A brain computer interface (BCI) transforms electrophysiological signals originating from the human brain into commands that control devices or applications. In this way, a BCI provides a new nonmuscular communication channel, which can be extremely useful for people with severe neuromuscular disorders such as amyotrophic lateral sclerosis and brainstem stroke. The immediate goal of our current research is to provide these users with an opportunity to communicate with their environment. Future applications also include the field of multimedia and virtual reality.

Present day BCIs use a variety of electrophysiological signals such as slow cortical potentials, evoked potentials (P300), oscillatory activity recorded from scalp or subdural electrodes, and cortical neuronal activity recorded from implanted electrodes. EEG is by far the most frequently used input source, because it is readily available and noninvasive. The poor signal-to-noise ratio of scalp–recorded signals requires the application of advanced signal processing methods.

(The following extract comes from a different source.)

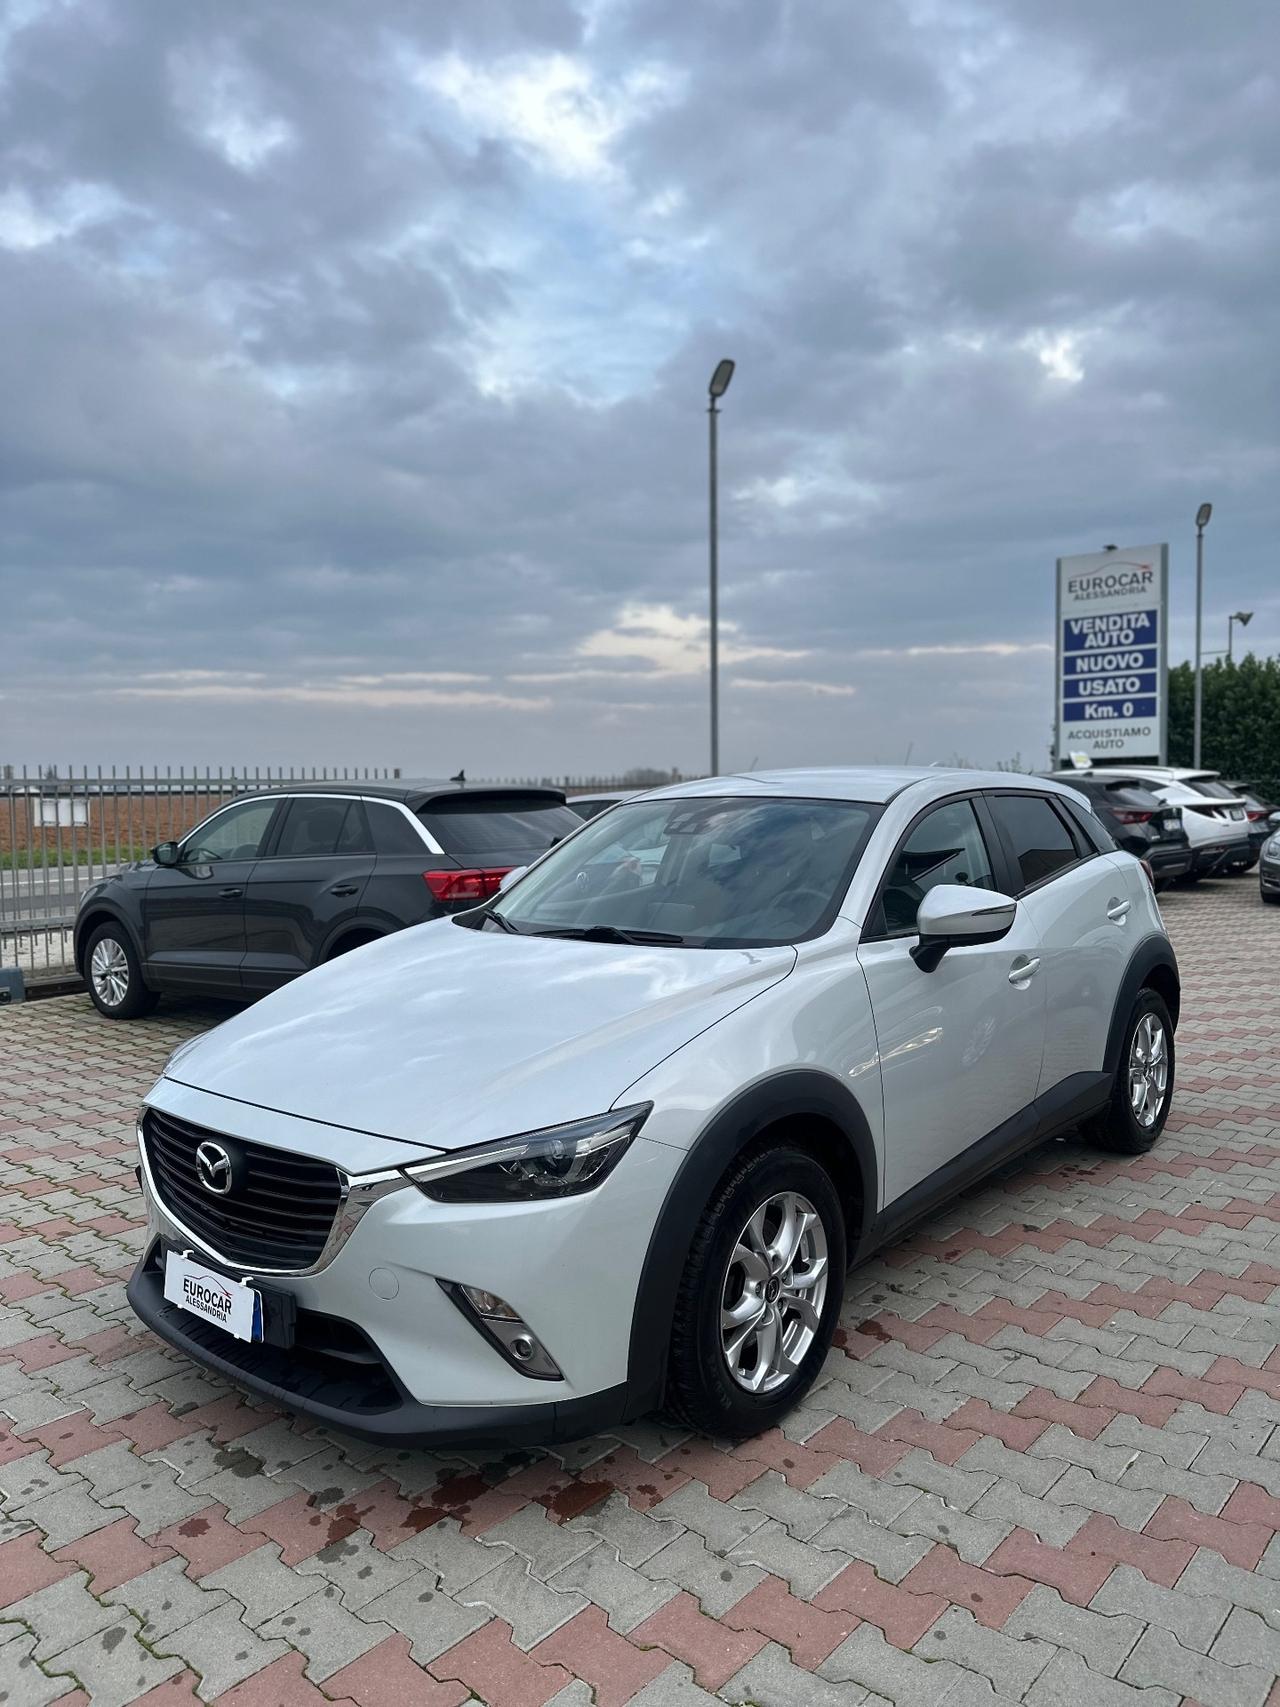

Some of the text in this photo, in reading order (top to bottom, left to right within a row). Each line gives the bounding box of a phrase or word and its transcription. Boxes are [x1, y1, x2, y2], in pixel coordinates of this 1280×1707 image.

This article outlines and explains the current approaches and methods used in BCI research with emphasis on the signal processing part of the system, consisting of preprocessing, feature extraction, and classification. However, the success of a BCI depends not only on the methodologies applied, but also on the capability of the user to develop and maintain the skill to produce the brain patterns employed by the BCI. Therefore, the interaction between the BCI system and the user, in terms of adaptation and learning, is a challenging aspect of any BCI development and application.